Se mi dai una dritta su una buona posizione per la carriera giocatore magari una chance gliela do, ma non so, mi intriga probabilmente un ruolo di esterno, ma non saprei.
Se faccio il pitcher in battuta sarò una nullità assoluta Vero?
secondo me il ruolo più congeniale è il terza base (se crei un giocatore possente ) o l'interbase (SS). se vuoi crescere in fretta come difensore allora prima base in quanto per statistica gioca molto di più in una partita. le giocate si imparano presto e danno una certa soddisfazione. gli esterni hanno il difetto di avere un'inquadratura sulle palle alte che a volte inganna e poi in alcuni frangenti mi ritrovo spiazzato su come agire una volta in possesso della palla.

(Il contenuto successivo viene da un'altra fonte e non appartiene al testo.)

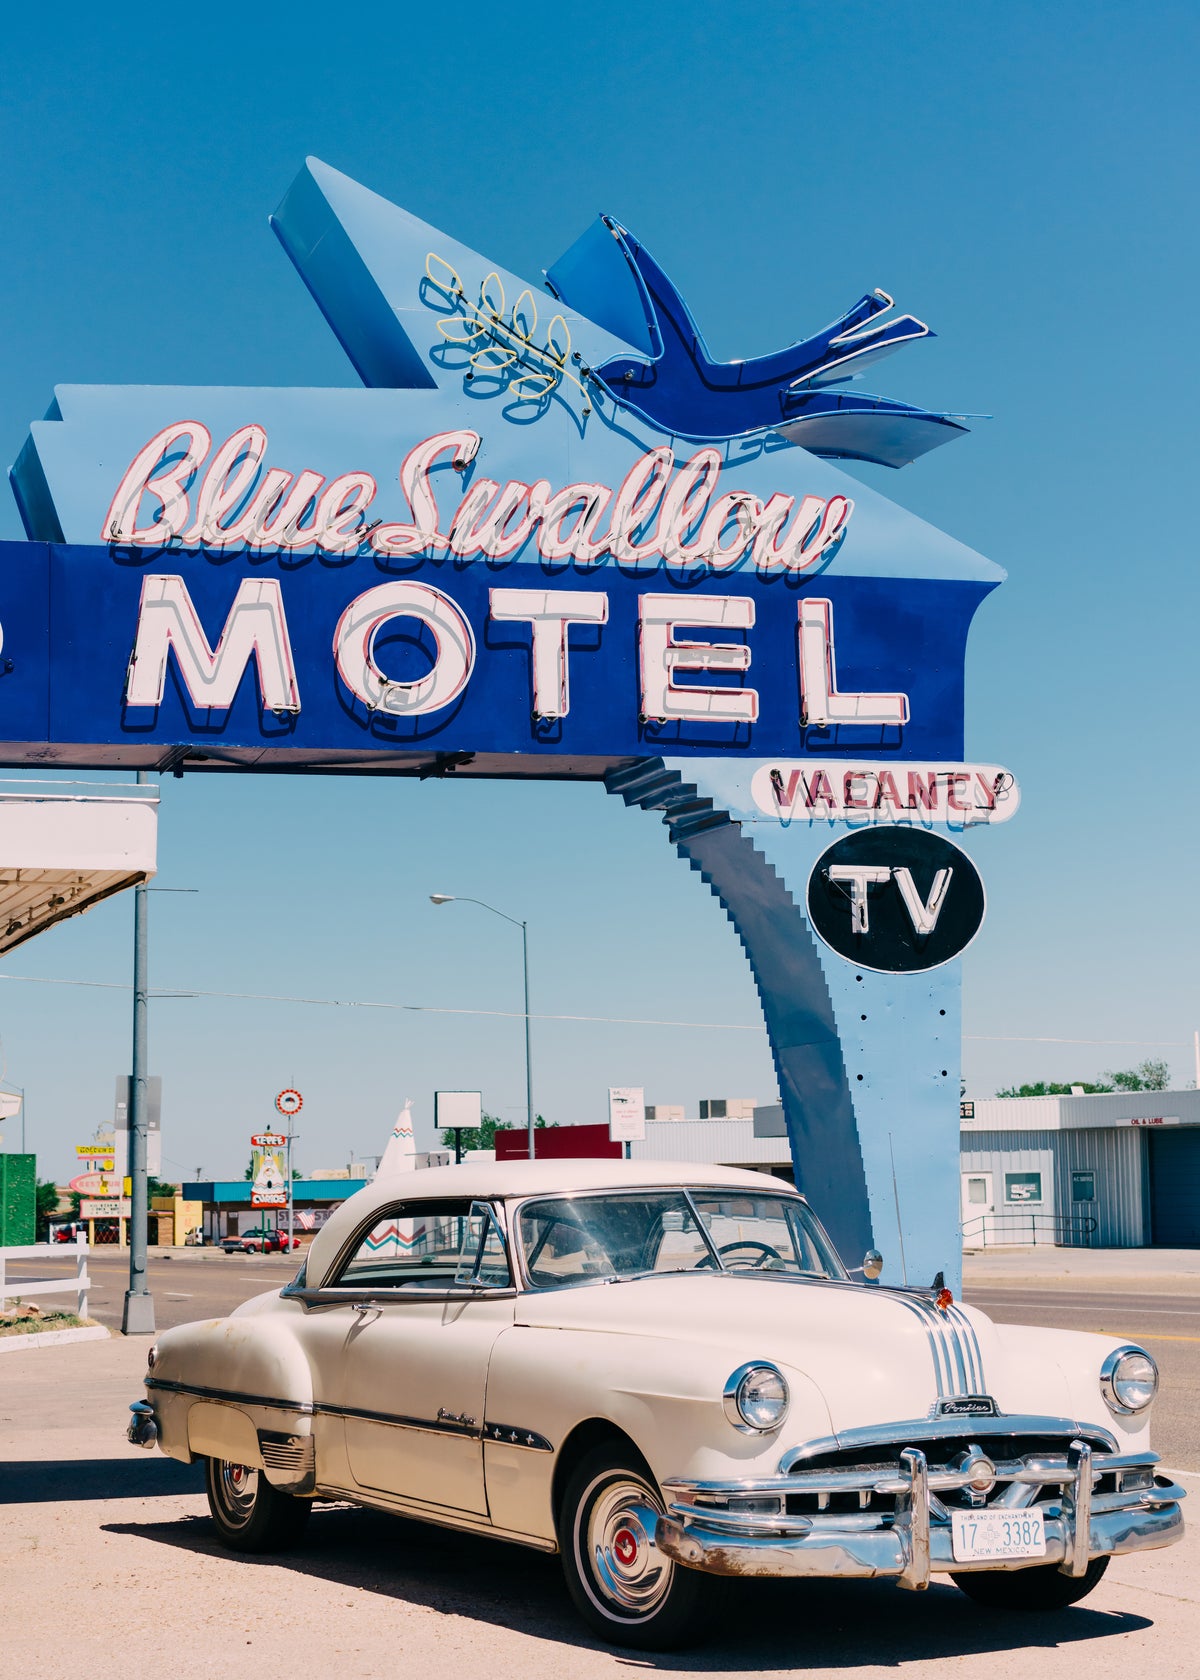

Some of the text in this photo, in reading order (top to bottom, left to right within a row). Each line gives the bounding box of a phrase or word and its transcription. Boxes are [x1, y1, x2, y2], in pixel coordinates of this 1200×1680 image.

[101, 419, 855, 571] Blue Swallow
[125, 573, 911, 727] MOTEL
[770, 768, 1012, 812] VACANCY
[826, 864, 954, 936] TV
[253, 1135, 284, 1145] TEPEE
[252, 1193, 286, 1204] CURIOS
[944, 1401, 989, 1413] Pontiac
[960, 1520, 1042, 1550] 17 3382
[996, 1546, 1027, 1554] MEXICO

Calcola che per capire come si sta svolgendo la giocata devi guardare il radar.. essendo le basi troppo lontane per capire cosa stia accadendo.

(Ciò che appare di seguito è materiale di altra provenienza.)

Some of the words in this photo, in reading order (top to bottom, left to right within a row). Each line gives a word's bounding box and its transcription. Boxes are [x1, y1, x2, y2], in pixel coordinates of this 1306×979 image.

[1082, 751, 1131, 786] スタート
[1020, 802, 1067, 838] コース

sul seconda base non mi pronuncio perchè è un ruolo che conosco pochissimo.

In mlb 18 ho creato un terza base partendo da un giocatore realmente esistito e ritiratosi pochi anni fa, il mio idolo Jim Thome, entrato nella HOF lo scorso anno. Per intenderci colui che ha fatto da modello per il personaggio del padre nel cartone gli incredibili. Il classico ragazzotto americano buono come il pane e stereotipo del sogno americano anni 50. un omone che batteva come non ci fosse un domani, sempre amato dal suo pubblico e pure dagli avversari.
Ho creato un 3b che con caratteristica (battitore forte) che nell'arco degli anni è cresciuto davvero tanto pur con i limiti (corretti) che ci sono nella versione di mlb 18 (nel 19 si può nuovamente tornare ad avere 99 di over all in tutte le caratteristiche e questo a mio avviso è irreale). Co questo omone ho giocato principalemtne da terza base ma all'occorrenza anche da 1 base. poi avendo giocato in american league dove esiste il battitore designato sono stato per tre anni DH almeno nelle partite di lega.

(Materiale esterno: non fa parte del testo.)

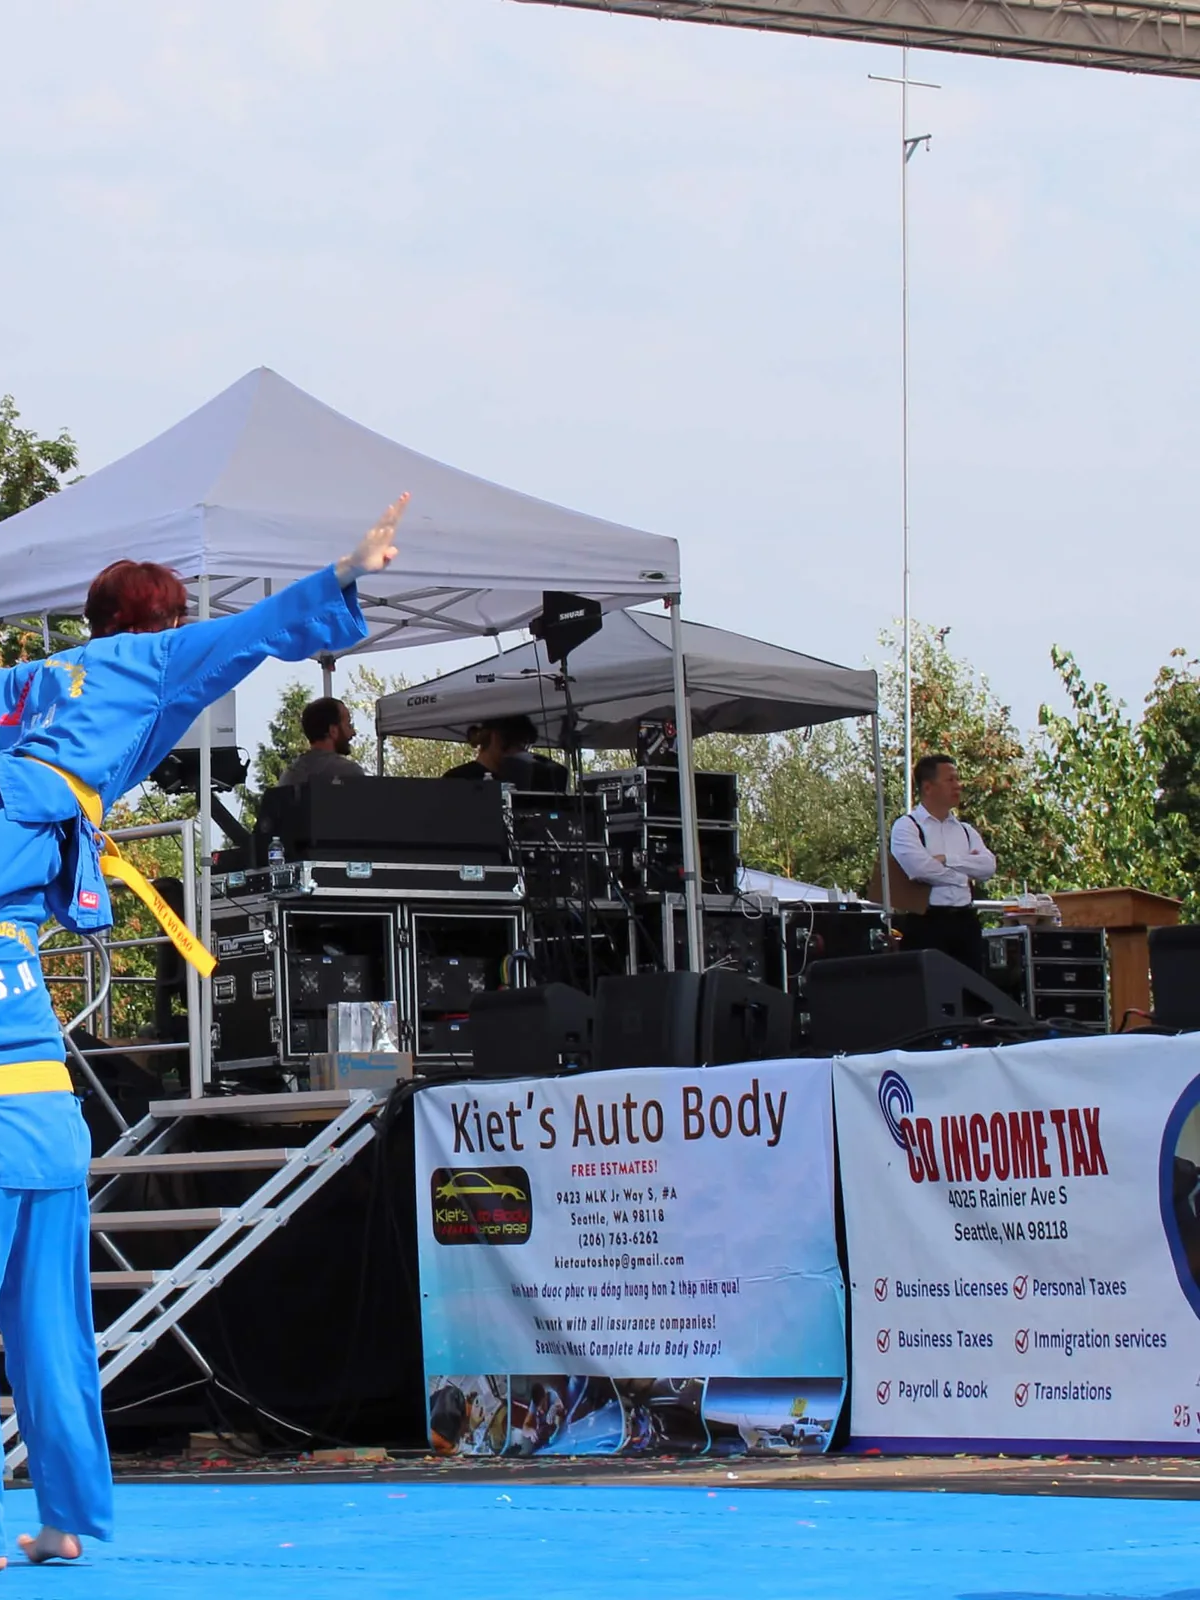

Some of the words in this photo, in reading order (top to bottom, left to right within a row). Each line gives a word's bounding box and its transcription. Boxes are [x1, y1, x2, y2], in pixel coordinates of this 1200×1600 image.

[559, 609, 585, 621] SHURE
[407, 695, 437, 707] CORE
[451, 1091, 557, 1153] Kiet's
[572, 1093, 665, 1148] Auto
[682, 1078, 788, 1148] Body
[941, 1110, 1051, 1182] INCOME
[1050, 1107, 1109, 1177] TAX
[571, 1163, 596, 1177] FREE
[600, 1160, 658, 1176] ESTMATES!
[556, 1191, 581, 1204] 9423
[585, 1190, 607, 1203] MLK
[611, 1190, 620, 1202] Jr
[623, 1188, 643, 1204] Way
[648, 1187, 657, 1202] S,
[662, 1186, 677, 1200] #A
[949, 1189, 977, 1208] 4025
[980, 1187, 1027, 1208] Rainier
[1031, 1187, 1056, 1206] Ave
[1058, 1186, 1068, 1204] S
[571, 1212, 609, 1226] Seattle,
[613, 1210, 629, 1224] WA
[632, 1208, 665, 1223] 98118
[578, 1233, 606, 1249] (206)
[609, 1231, 659, 1245] 763-6262
[954, 1221, 1002, 1244] Seattle,
[1003, 1222, 1025, 1240] WA
[1028, 1220, 1069, 1240] 98118
[554, 1253, 685, 1270] kietautoshop@gmail.com
[670, 1281, 675, 1295] 2
[895, 1279, 950, 1298] Business
[954, 1278, 1009, 1297] Licenses
[1032, 1277, 1086, 1297] Personal
[1089, 1278, 1127, 1296] Taxes
[566, 1316, 587, 1331] with
[591, 1316, 604, 1331] all
[607, 1316, 655, 1331] insurance
[660, 1314, 715, 1333] companies!
[898, 1329, 952, 1348] Business
[957, 1330, 993, 1347] Taxes
[1034, 1329, 1110, 1357] Immigration
[1115, 1330, 1167, 1348] services
[590, 1341, 634, 1360] Complete
[638, 1341, 660, 1356] Auto
[665, 1340, 689, 1359] Body
[693, 1339, 722, 1358] Shop!
[899, 1379, 939, 1402] Payroll
[943, 1381, 952, 1398] &
[957, 1380, 988, 1398] Book
[1034, 1381, 1112, 1400] Translations
[1174, 1404, 1191, 1428] 25

La carriera come terza base mi è piaciuta parecchio. sono partito 18enne e ora mi ritrovo a 39 anni ancora in pista con un notevole abbassamento dei valori ogni anno di più ma attendo prima di ritirarmi volendo battere il record di valide. ho infranto parecchi dei record storici della mlb tra cui anche quello impossibile di Joe di maggio delle 56 partite consecutive con almeno una valida. Ogni record è festeggiato da tutto lo stadio oltre che dai compagni di squadra e dagli avversari (cosa molto americana e poco usuale in Europa). Le animazioni durante i var festeggiamenti o giocate particolari sono molto belle.